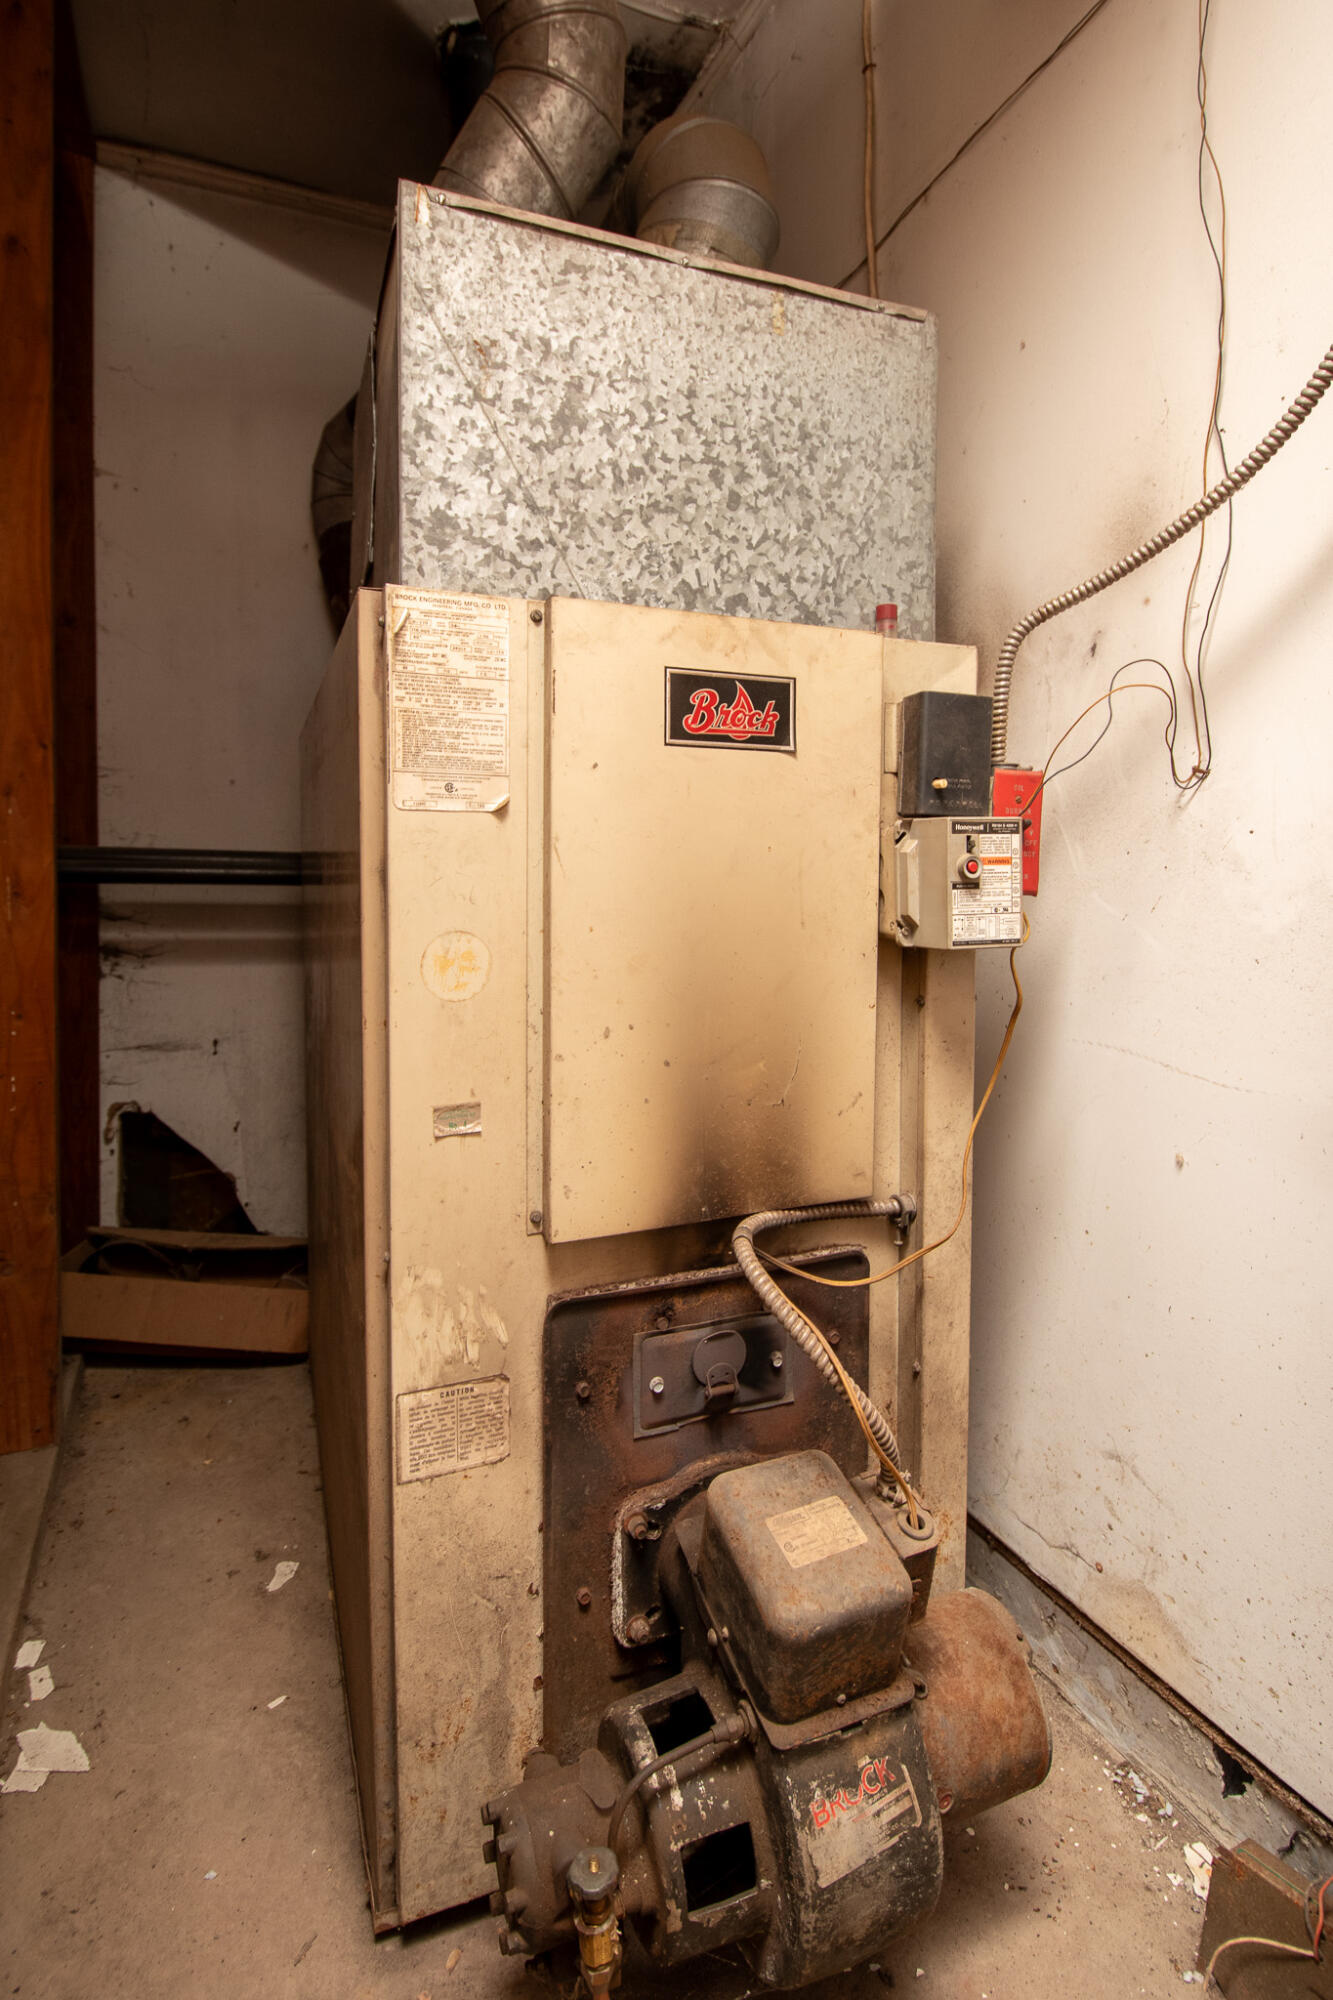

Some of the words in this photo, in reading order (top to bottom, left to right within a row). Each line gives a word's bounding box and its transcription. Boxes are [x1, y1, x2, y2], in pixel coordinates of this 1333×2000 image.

[394, 593, 417, 601] BROCK
[419, 595, 462, 606] ENGINEERING
[682, 684, 780, 738] Brock
[955, 823, 984, 832] Honeywell
[440, 1386, 475, 1399] CAUTION

•••

Omitting all pictures, copy the preceding entries without any alteration.

Some of the words in this photo, in reading order (top to bottom, left to right within a row). Each line gives a word's bounding box and its transcription. Boxes are [x1, y1, x2, y2], in pixel coordinates of this 1333×2000 image.

[394, 593, 417, 601] BROCK
[419, 595, 462, 606] ENGINEERING
[682, 684, 780, 738] Brock
[955, 823, 984, 832] Honeywell
[440, 1386, 475, 1399] CAUTION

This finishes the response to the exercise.